Collected data entries
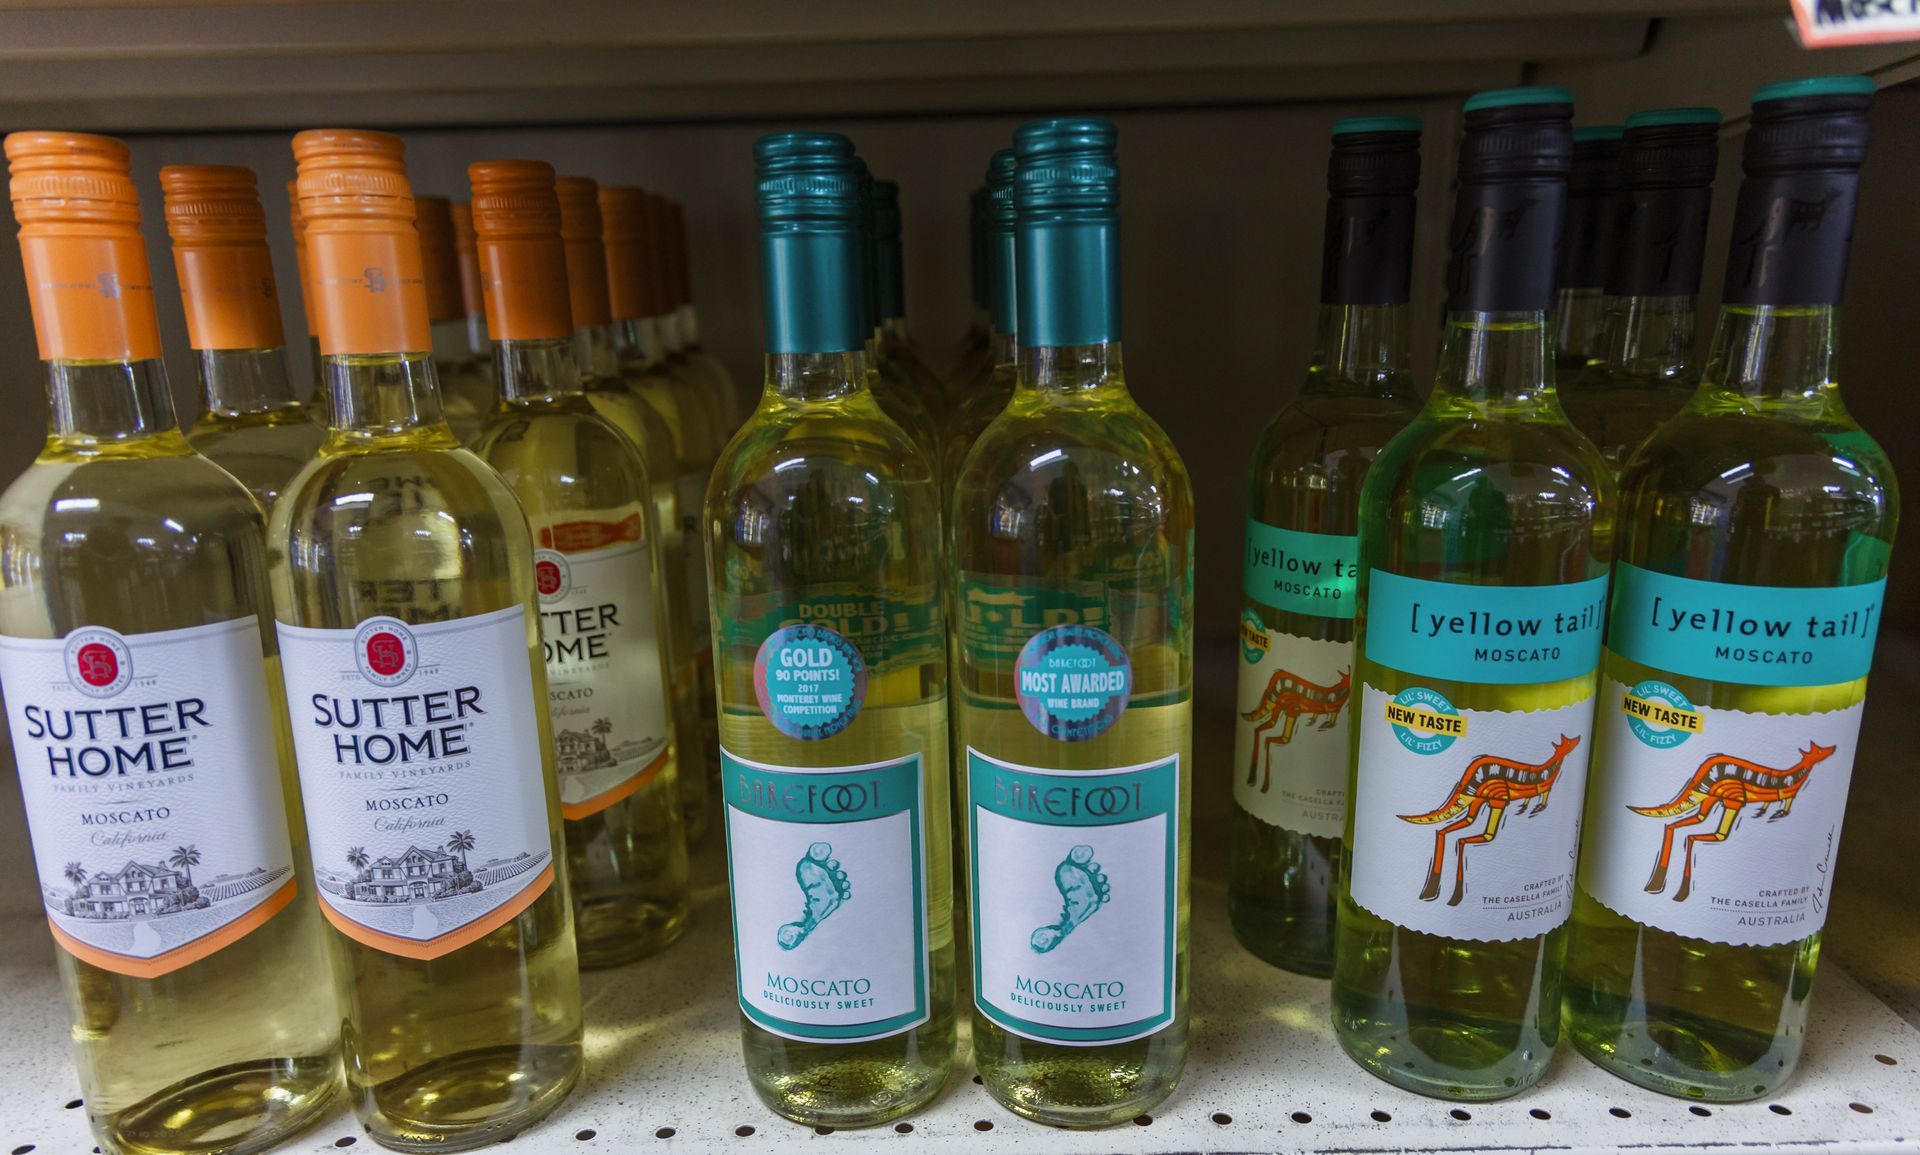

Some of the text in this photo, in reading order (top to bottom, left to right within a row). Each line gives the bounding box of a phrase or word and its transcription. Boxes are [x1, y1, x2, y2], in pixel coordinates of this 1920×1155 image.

[1273, 579, 1342, 600] MOSCATO
[780, 648, 833, 667] GOLD
[1474, 647, 1561, 663] MOSCATO
[1715, 646, 1813, 665] MOSCATO
[775, 669, 840, 681] 90 POINTS!
[1021, 670, 1124, 693] MOST AWARDED
[550, 688, 594, 701] SCATO
[777, 693, 843, 703] MONTEREY WINE
[798, 684, 819, 693] 2017
[1653, 685, 1688, 707] SWEET
[312, 686, 488, 729] SUTTER
[783, 705, 837, 715] COMPETITION
[1047, 698, 1101, 708] WINE BRAND
[1417, 691, 1452, 712] SWEET
[24, 698, 213, 741] SUTTER
[1387, 706, 1462, 733] NEW TASTE
[1624, 697, 1698, 729] NEW TASTE
[1416, 739, 1443, 751] FIZZY
[1650, 733, 1677, 745] FIZZY
[339, 760, 471, 781] FAMILY VINEYARDS
[108, 773, 196, 793] VINEYARDS
[365, 793, 450, 813] MOSCATO
[738, 774, 881, 815] BAREFOOT
[994, 775, 1144, 817] BAREFOOT
[81, 806, 171, 827] MOSCATO
[373, 815, 446, 834] California
[90, 829, 169, 848] California
[1482, 885, 1563, 904] THE CASELLA FAMILY
[1523, 877, 1557, 892] CRAFTED
[1758, 886, 1810, 898] CRAFTED BY
[1507, 901, 1562, 921] AUSTRALIA
[1710, 896, 1808, 908] THE CASELLA FAMILY
[1737, 912, 1805, 926] AUSTRALIA
[766, 972, 871, 996] MOSCATO
[1015, 975, 1125, 999] MOSCATO
[763, 990, 875, 1010] DELICIOUSLY SWEET
[1010, 992, 1128, 1013] DELICIOUSLY SWEET
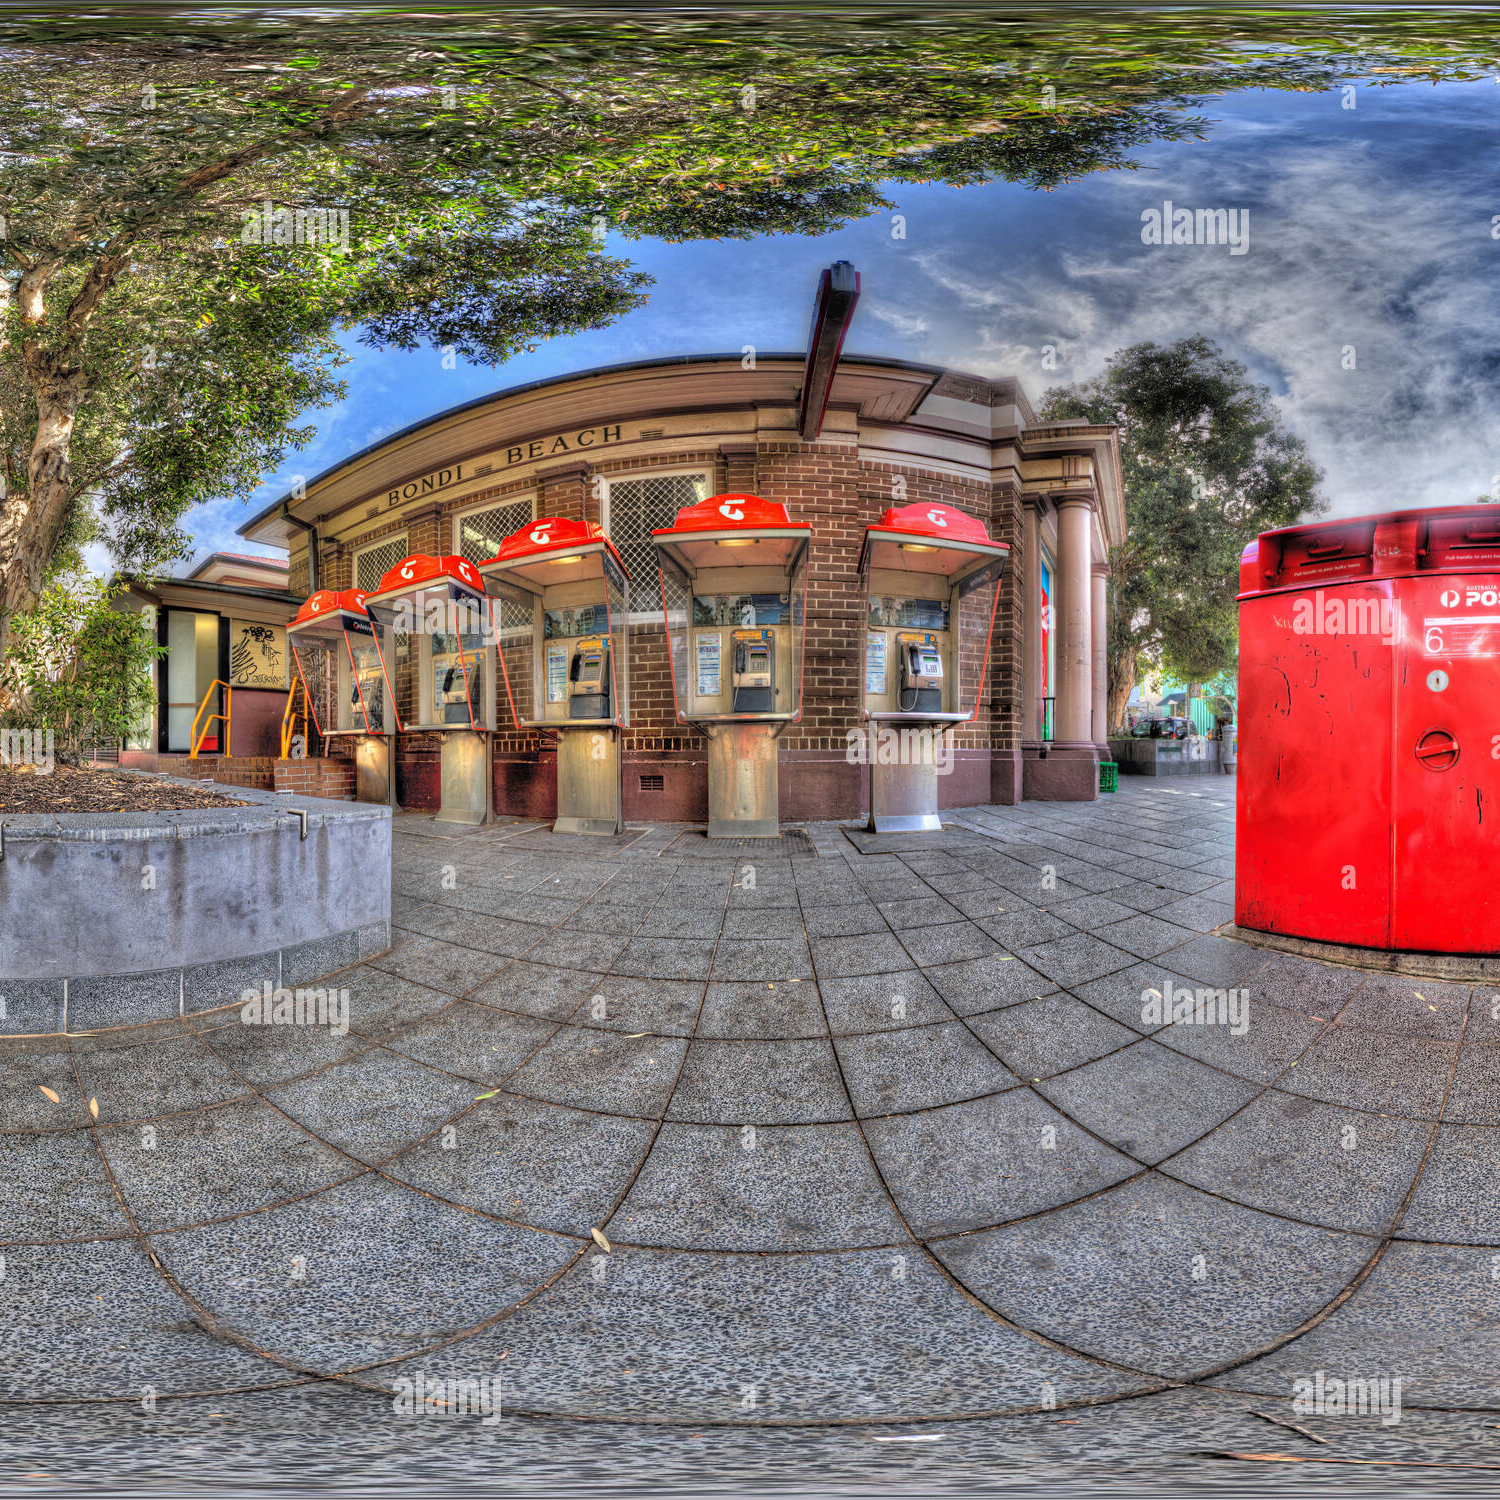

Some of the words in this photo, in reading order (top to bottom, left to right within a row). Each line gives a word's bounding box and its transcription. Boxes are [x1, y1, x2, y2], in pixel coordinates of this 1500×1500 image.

[388, 466, 464, 507] BONDI
[507, 425, 624, 465] BEACH
[1466, 591, 1500, 607] PO
[1425, 627, 1443, 653] 6
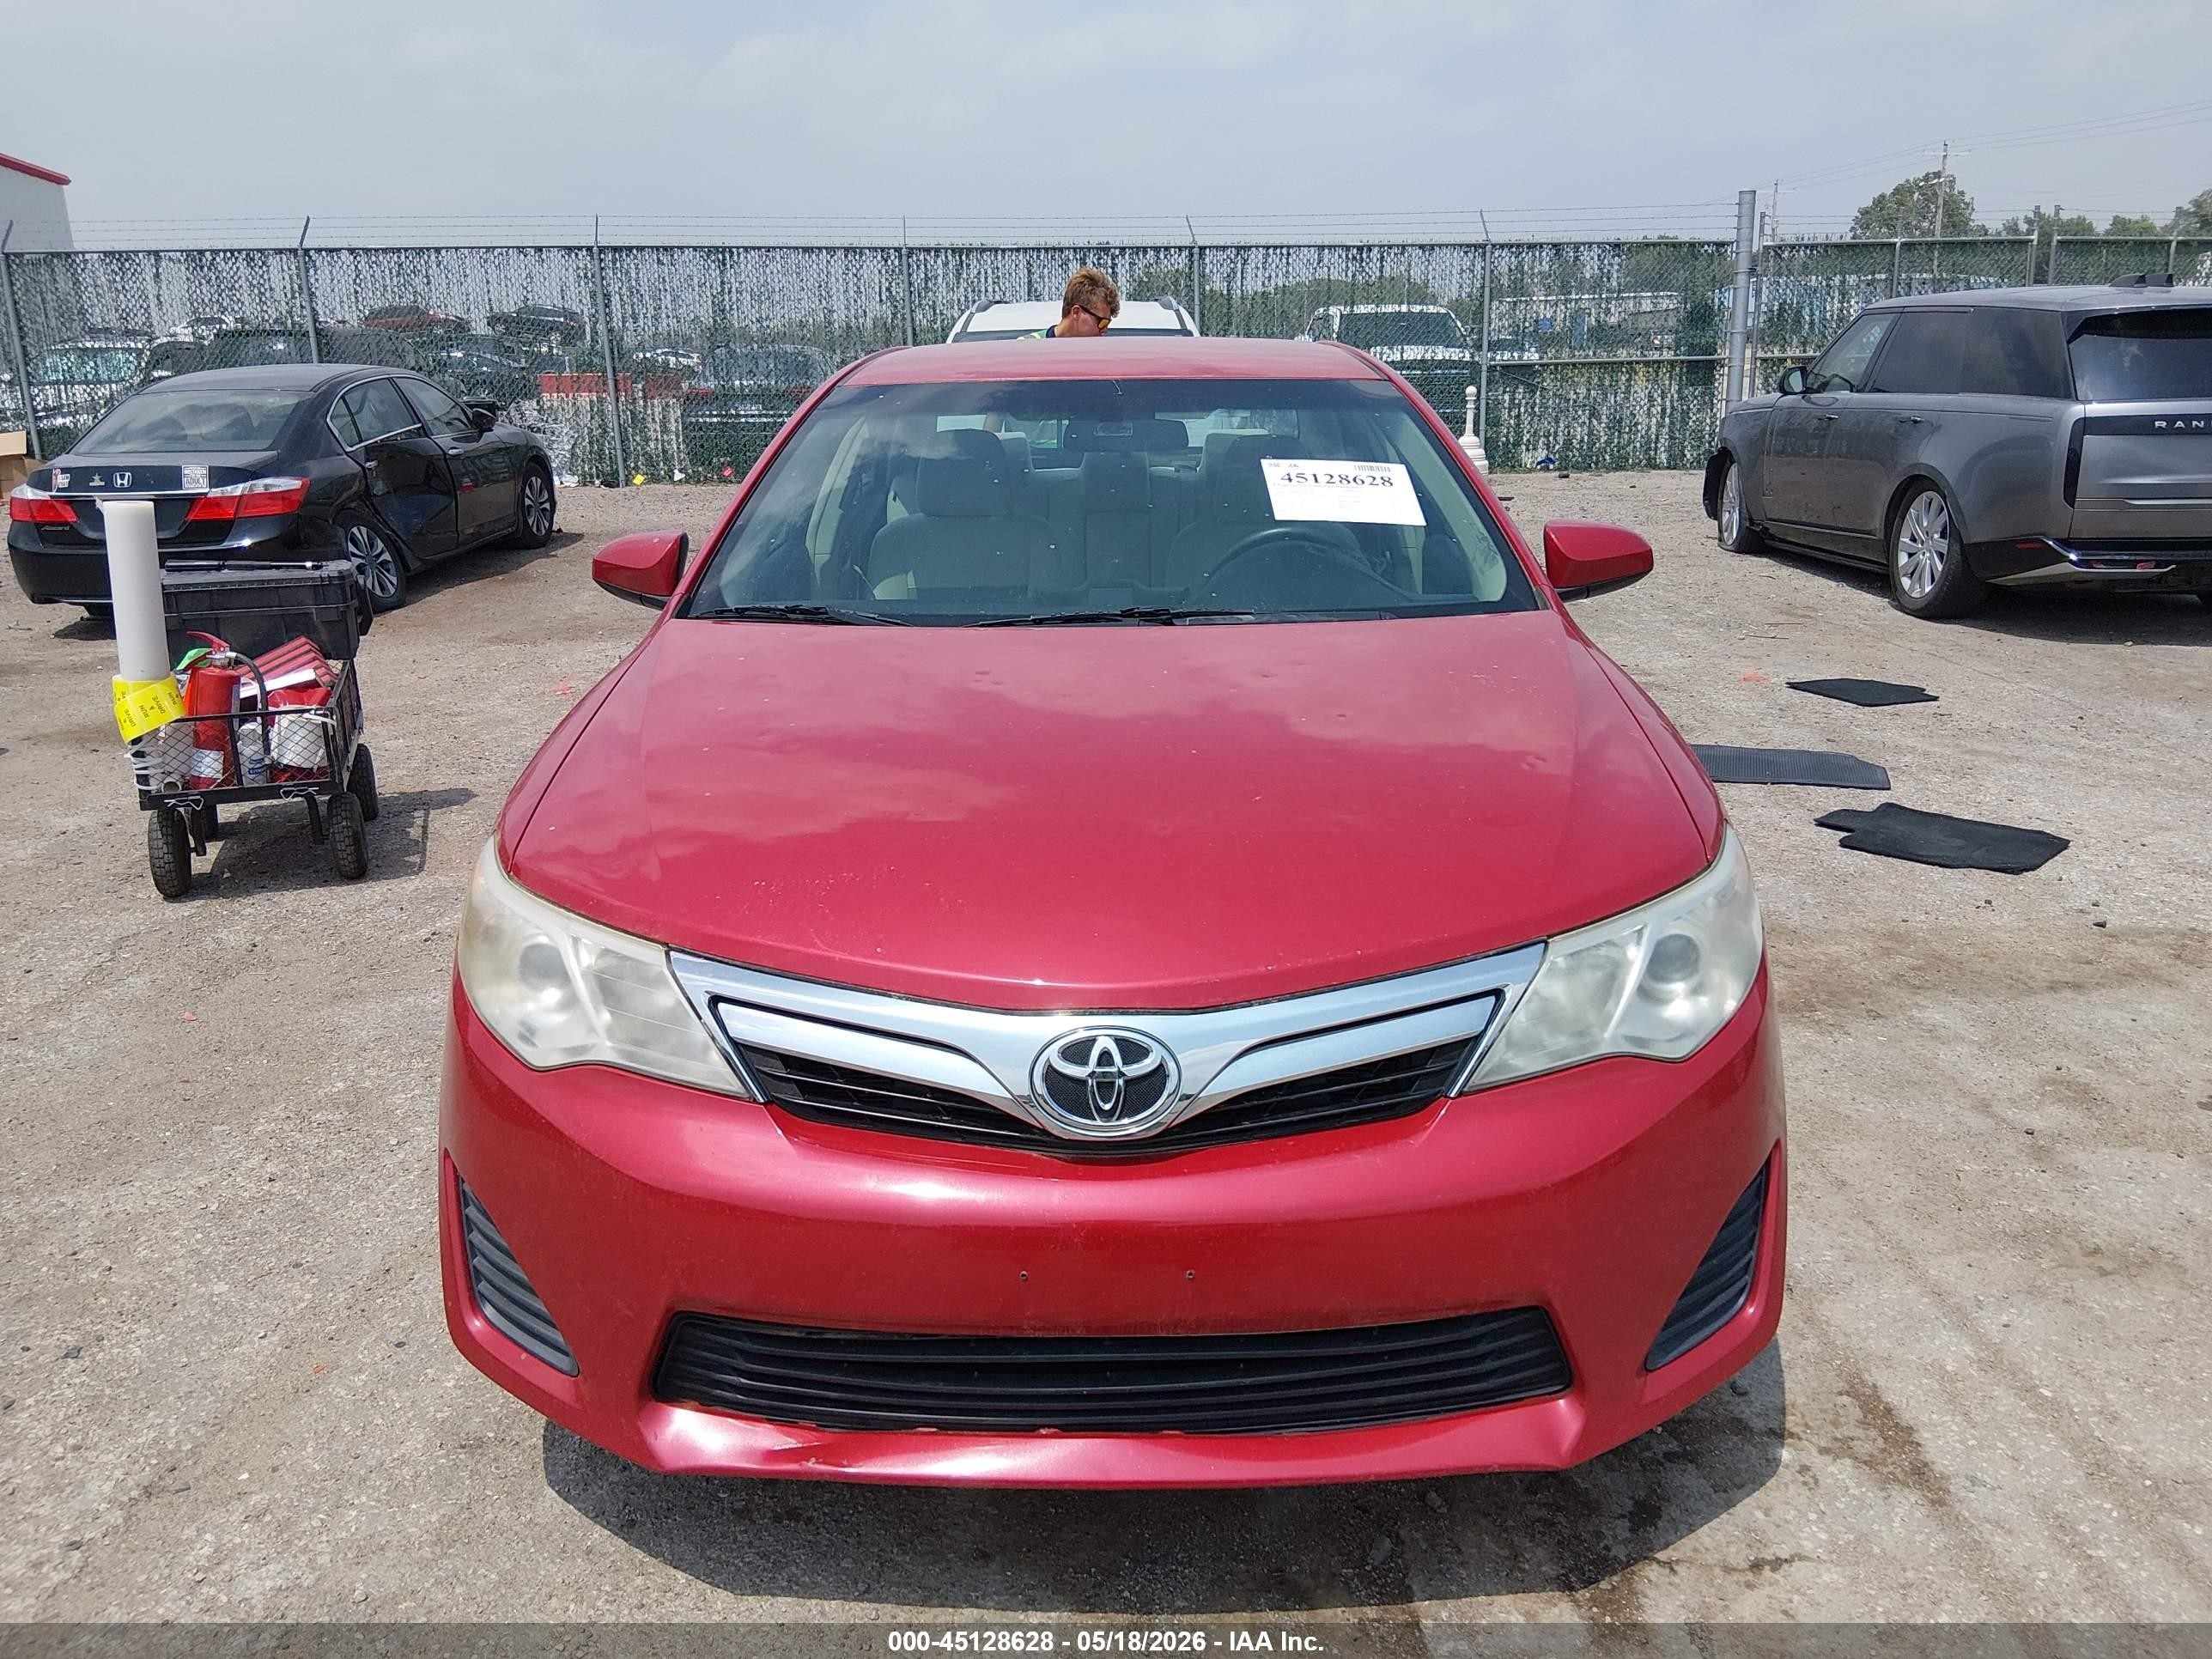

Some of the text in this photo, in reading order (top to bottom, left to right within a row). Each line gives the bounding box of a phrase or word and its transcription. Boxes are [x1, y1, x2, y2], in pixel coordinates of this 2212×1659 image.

*Work item*:
Return the entries exactly as given. Do not include pictures.

*Result for this task*:
Some of the text in this photo, in reading order (top to bottom, left to right within a row). Each line gives the bounding box of a phrase or word and its transcription. Boxes are [x1, y1, x2, y2], in pixel coordinates of this 1920×1155 image.

[1273, 579, 1342, 600] MOSCATO
[780, 648, 833, 667] GOLD
[1474, 647, 1561, 663] MOSCATO
[1715, 646, 1813, 665] MOSCATO
[775, 669, 840, 681] 90 POINTS!
[1021, 670, 1124, 693] MOST AWARDED
[550, 688, 594, 701] SCATO
[777, 693, 843, 703] MONTEREY WINE
[798, 684, 819, 693] 2017
[1653, 685, 1688, 707] SWEET
[312, 686, 488, 729] SUTTER
[783, 705, 837, 715] COMPETITION
[1047, 698, 1101, 708] WINE BRAND
[1417, 691, 1452, 712] SWEET
[24, 698, 213, 741] SUTTER
[1387, 706, 1462, 733] NEW TASTE
[1624, 697, 1698, 729] NEW TASTE
[1416, 739, 1443, 751] FIZZY
[1650, 733, 1677, 745] FIZZY
[339, 760, 471, 781] FAMILY VINEYARDS
[108, 773, 196, 793] VINEYARDS
[365, 793, 450, 813] MOSCATO
[738, 774, 881, 815] BAREFOOT
[994, 775, 1144, 817] BAREFOOT
[81, 806, 171, 827] MOSCATO
[373, 815, 446, 834] California
[90, 829, 169, 848] California
[1482, 885, 1563, 904] THE CASELLA FAMILY
[1523, 877, 1557, 892] CRAFTED
[1758, 886, 1810, 898] CRAFTED BY
[1507, 901, 1562, 921] AUSTRALIA
[1710, 896, 1808, 908] THE CASELLA FAMILY
[1737, 912, 1805, 926] AUSTRALIA
[766, 972, 871, 996] MOSCATO
[1015, 975, 1125, 999] MOSCATO
[763, 990, 875, 1010] DELICIOUSLY SWEET
[1010, 992, 1128, 1013] DELICIOUSLY SWEET

Some of the words in this photo, in reading order (top to bottom, left to right within a row). Each line gives a word's bounding box and its transcription. Boxes are [x1, y1, x2, y2], in pixel coordinates of this 1500×1500 image.

[388, 466, 464, 507] BONDI
[507, 425, 624, 465] BEACH
[1466, 591, 1500, 607] PO
[1425, 627, 1443, 653] 6

Some of the text in this photo, in reading order (top to bottom, left to right within a row). Each line gives the bounding box of a phrase or word and its transcription. Boxes are [x1, y1, x2, y2], in pixel coordinates of this 2212×1659 image.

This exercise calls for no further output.